▸ Exercise directions:
Exclude the pictures, and otherwise reproduce the data in full.

= Beginning of Section =

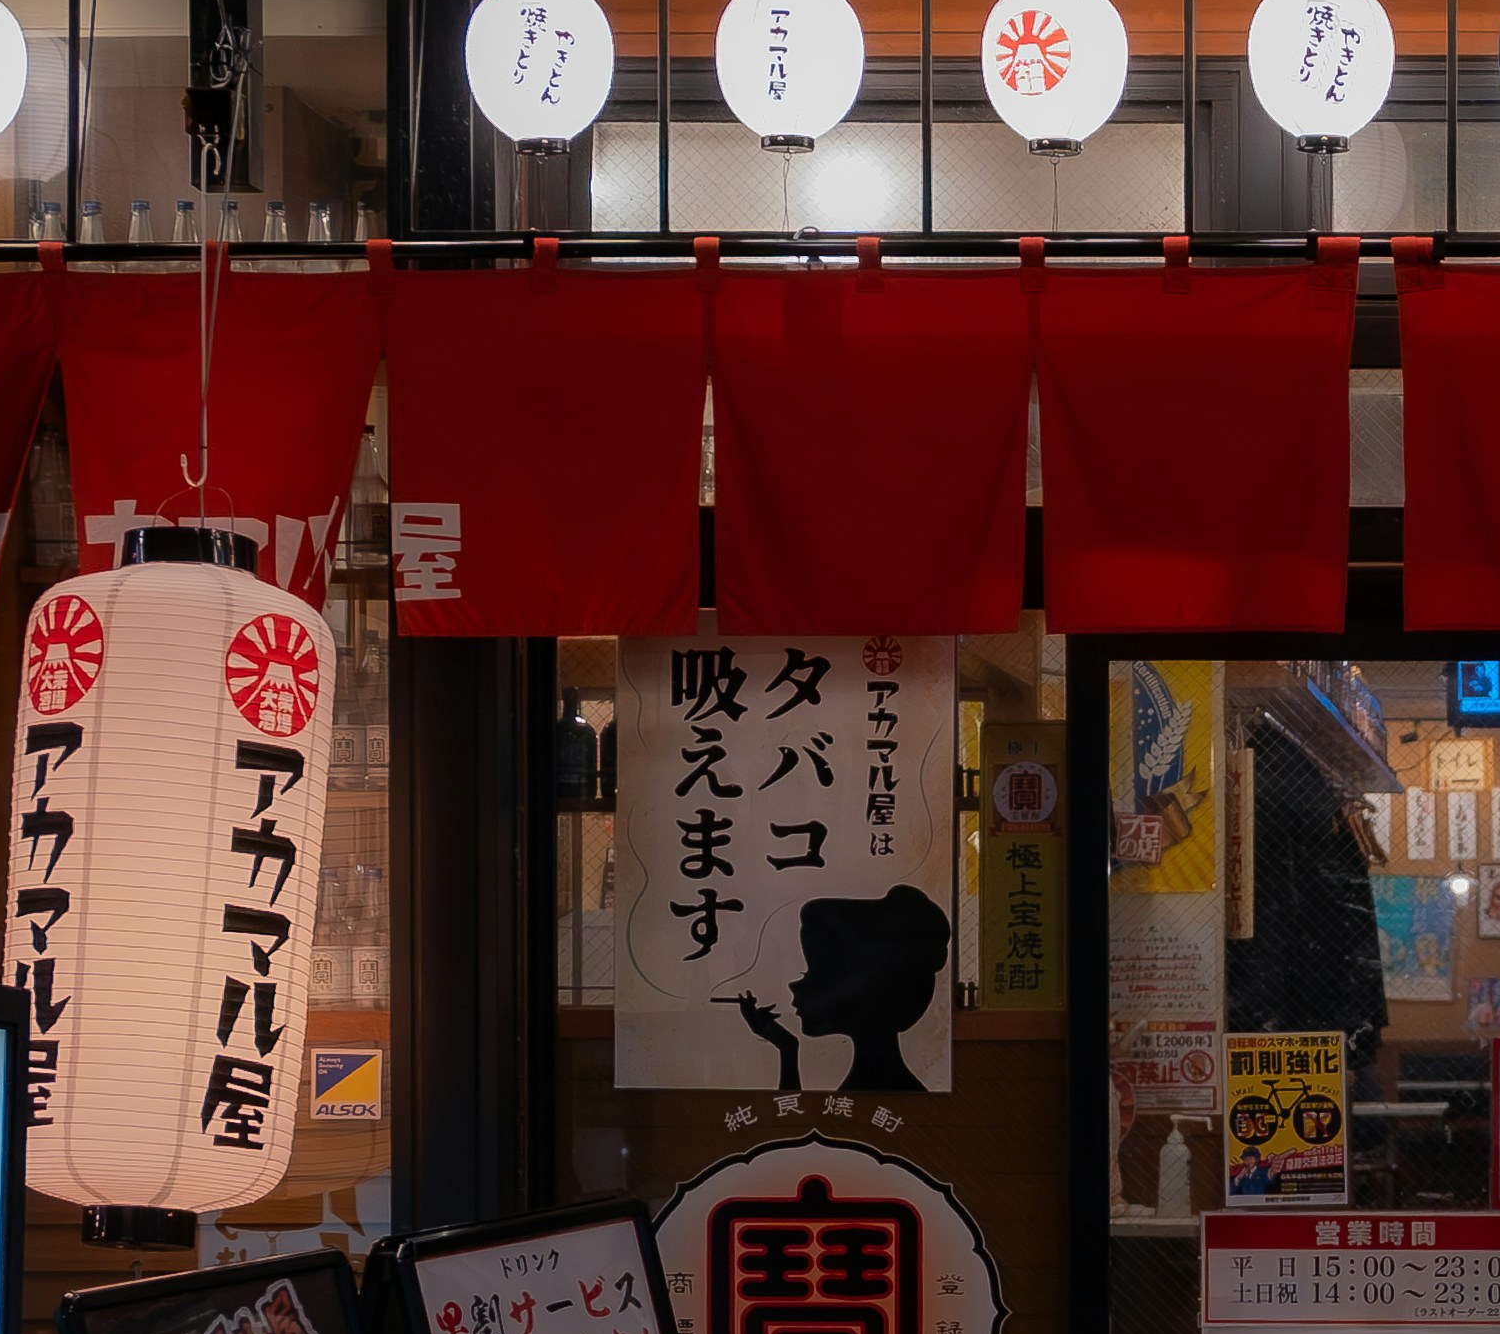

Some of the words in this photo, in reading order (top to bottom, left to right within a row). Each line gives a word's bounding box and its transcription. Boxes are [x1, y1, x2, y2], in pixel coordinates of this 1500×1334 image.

[519, 5, 549, 88] 焼きとり
[539, 28, 577, 107] やきとん
[767, 8, 791, 103] アカマル屋
[1297, 3, 1336, 85] 焼きとり
[1324, 24, 1362, 105] やきとん
[757, 646, 835, 872] タバコ
[865, 680, 901, 858] アカマル屋は
[669, 645, 749, 962] 吸えます
[15, 722, 83, 1128] アカマル屋
[200, 738, 306, 1152] アカマル屋
[1005, 841, 1045, 991] 極上宝焼酎
[1230, 1049, 1340, 1076] 罰則強化
[315, 1103, 378, 1117] ALSOK
[498, 1247, 561, 1281] ドリンク
[1315, 1220, 1437, 1247] 営業時間
[1231, 1281, 1299, 1307] 土日祝
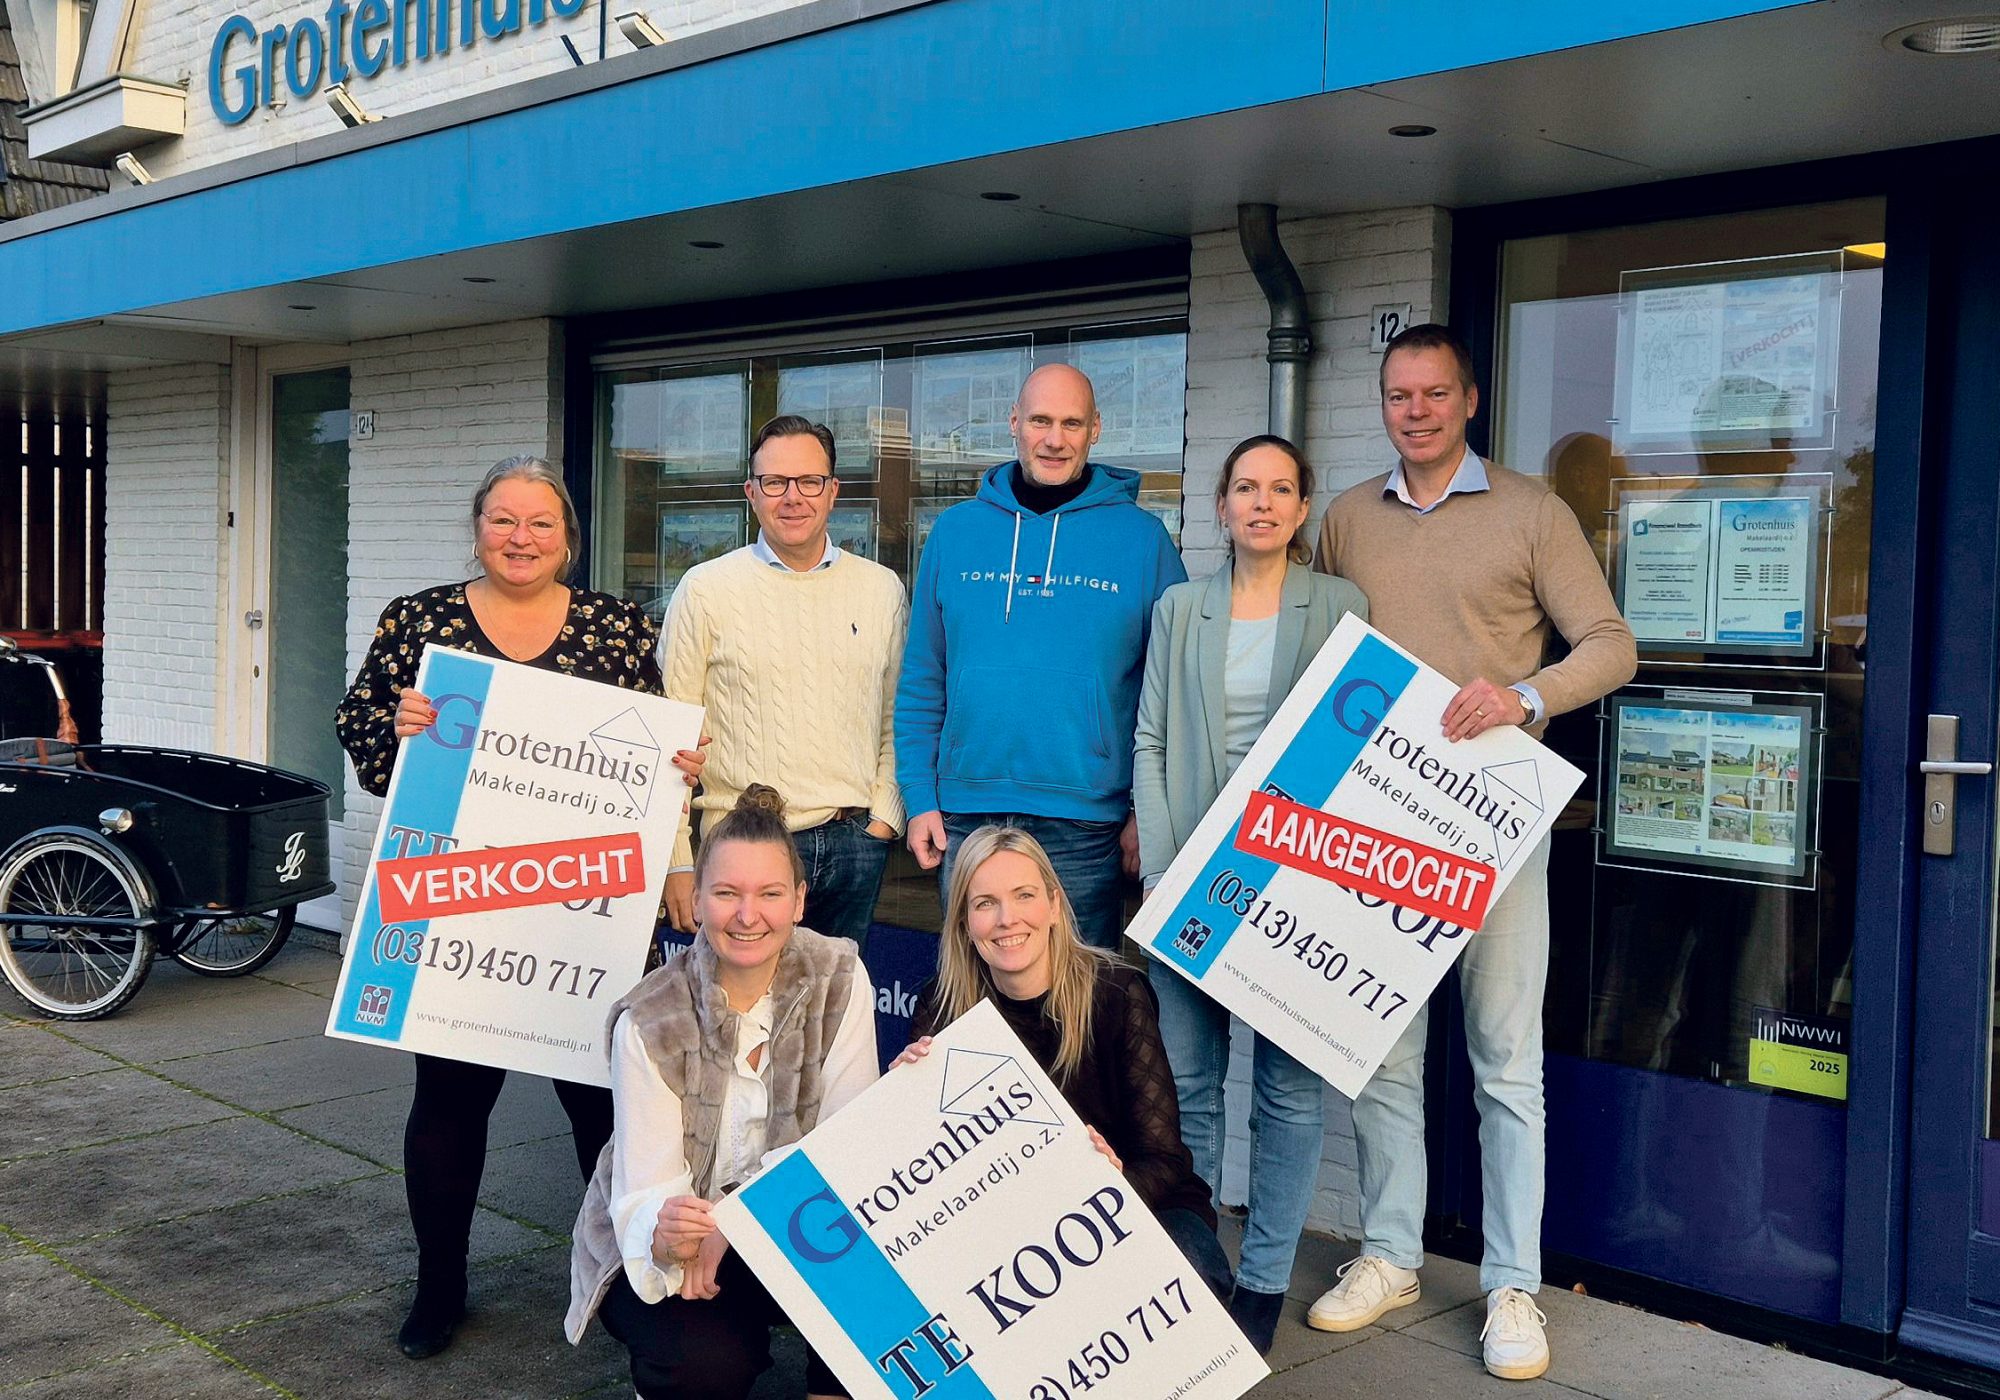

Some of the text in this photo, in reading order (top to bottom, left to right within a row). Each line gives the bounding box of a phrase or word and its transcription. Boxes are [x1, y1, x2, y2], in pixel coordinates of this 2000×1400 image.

[208, 0, 586, 126] Groten
[1380, 312, 1400, 343] 12
[1732, 514, 1796, 532] Grotenhuis
[960, 571, 1119, 593] TOMMY HILFIGER
[424, 693, 649, 787] Grotenhuis
[1332, 678, 1526, 840] Grotenhuis
[468, 768, 639, 821] Makelaardij o.z.
[1352, 758, 1466, 847] Makelaardij
[391, 848, 634, 907] VERKOCHT
[1248, 803, 1487, 912] AANGEKOCHT
[1173, 939, 1197, 959] NVM
[548, 959, 607, 999] 717
[1348, 967, 1409, 1021] 717
[356, 1013, 386, 1025] NVM
[416, 1011, 592, 1053] www.grotenhuismakelaardij.nl
[1223, 960, 1368, 1070] www.grotenhuismakelaardij.nl
[1781, 1021, 1841, 1045] NWWI
[1809, 1059, 1840, 1075] 2025
[787, 1081, 1034, 1264] Grotenhuis
[884, 1128, 1062, 1262] Makelaardij o.z.
[877, 1186, 1133, 1400] TE KOOP
[1126, 1277, 1193, 1344] 717

= End of Section =

▸ Response below:
Some of the words in this photo, in reading order (top to bottom, left to right within a row). Each line gives a word's bounding box and its transcription. Boxes are [x1, y1, x2, y2], in pixel coordinates of this 1500×1334 image.

[519, 5, 549, 88] 焼きとり
[539, 28, 577, 107] やきとん
[767, 8, 791, 103] アカマル屋
[1297, 3, 1336, 85] 焼きとり
[1324, 24, 1362, 105] やきとん
[757, 646, 835, 872] タバコ
[865, 680, 901, 858] アカマル屋は
[669, 645, 749, 962] 吸えます
[15, 722, 83, 1128] アカマル屋
[200, 738, 306, 1152] アカマル屋
[1005, 841, 1045, 991] 極上宝焼酎
[1230, 1049, 1340, 1076] 罰則強化
[315, 1103, 378, 1117] ALSOK
[498, 1247, 561, 1281] ドリンク
[1315, 1220, 1437, 1247] 営業時間
[1231, 1281, 1299, 1307] 土日祝

Some of the text in this photo, in reading order (top to bottom, left to right within a row). Each line gives the bounding box of a phrase or word and its transcription. Boxes are [x1, y1, x2, y2], in pixel coordinates of this 2000×1400 image.

[208, 0, 586, 126] Groten
[1380, 312, 1400, 343] 12
[1732, 514, 1796, 532] Grotenhuis
[960, 571, 1119, 593] TOMMY HILFIGER
[424, 693, 649, 787] Grotenhuis
[1332, 678, 1526, 840] Grotenhuis
[468, 768, 639, 821] Makelaardij o.z.
[1352, 758, 1466, 847] Makelaardij
[391, 848, 634, 907] VERKOCHT
[1248, 803, 1487, 912] AANGEKOCHT
[1173, 939, 1197, 959] NVM
[548, 959, 607, 999] 717
[1348, 967, 1409, 1021] 717
[356, 1013, 386, 1025] NVM
[416, 1011, 592, 1053] www.grotenhuismakelaardij.nl
[1223, 960, 1368, 1070] www.grotenhuismakelaardij.nl
[1781, 1021, 1841, 1045] NWWI
[1809, 1059, 1840, 1075] 2025
[787, 1081, 1034, 1264] Grotenhuis
[884, 1128, 1062, 1262] Makelaardij o.z.
[877, 1186, 1133, 1400] TE KOOP
[1126, 1277, 1193, 1344] 717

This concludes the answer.